- RECORDED INFORMATION:
=-=-=

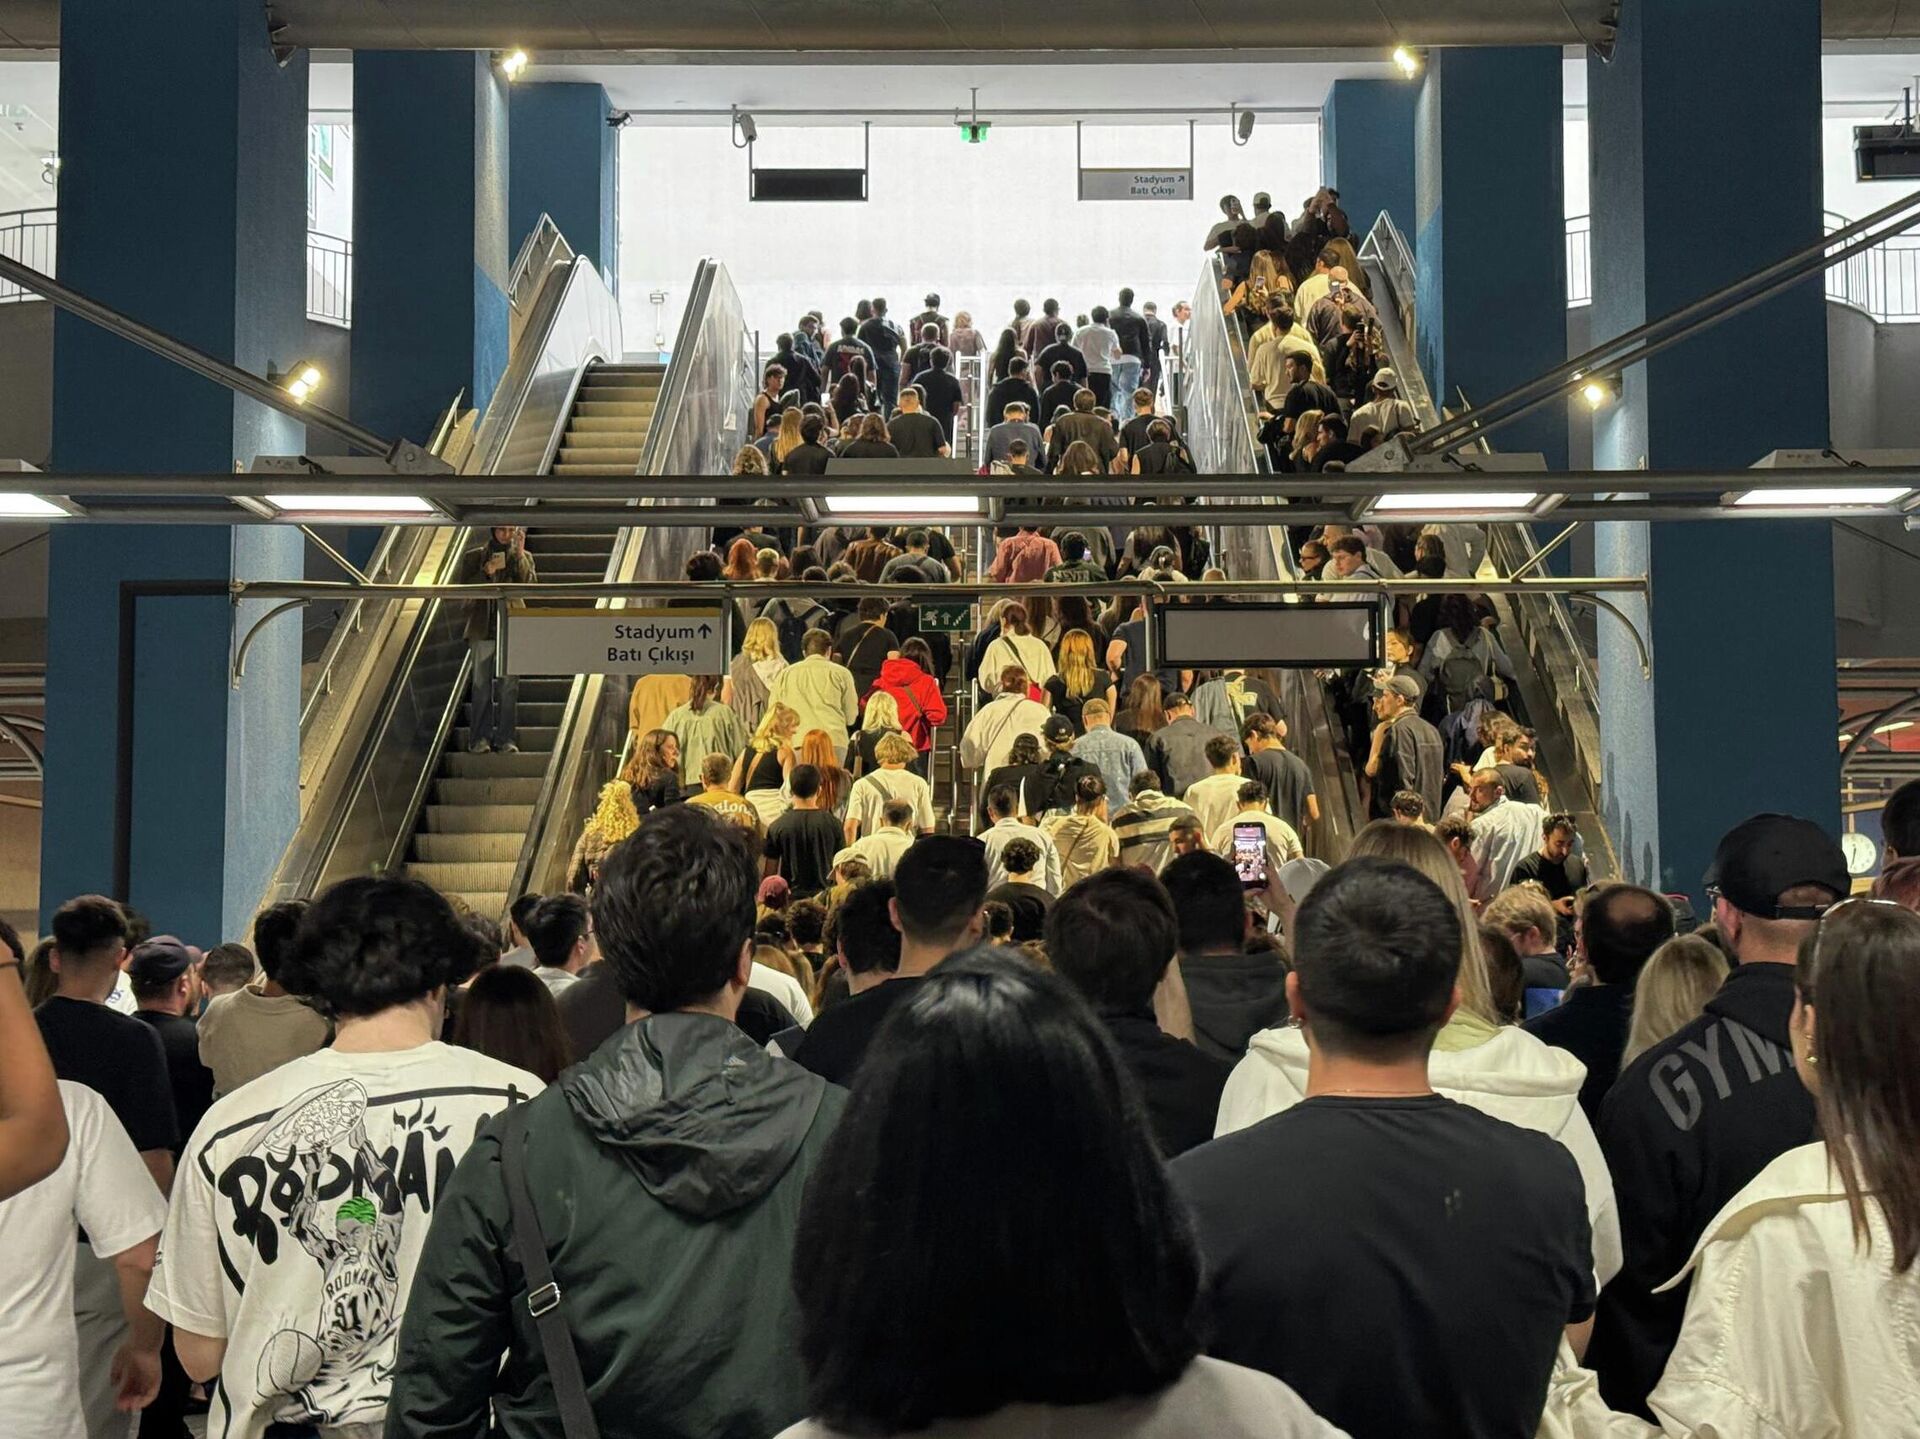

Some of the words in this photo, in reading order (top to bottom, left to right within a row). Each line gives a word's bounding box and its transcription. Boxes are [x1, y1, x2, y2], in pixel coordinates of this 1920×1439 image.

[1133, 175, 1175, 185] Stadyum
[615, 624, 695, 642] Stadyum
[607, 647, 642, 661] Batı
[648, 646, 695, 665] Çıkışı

=-=-=

Your response should reproduce the entire listing verbatim, minus the pictures.

- YOUR SOLUTION:
Some of the words in this photo, in reading order (top to bottom, left to right within a row). Each line gives a word's bounding box and its transcription. Boxes are [x1, y1, x2, y2], in pixel coordinates of this 1920×1439 image.

[1133, 175, 1175, 185] Stadyum
[615, 624, 695, 642] Stadyum
[607, 647, 642, 661] Batı
[648, 646, 695, 665] Çıkışı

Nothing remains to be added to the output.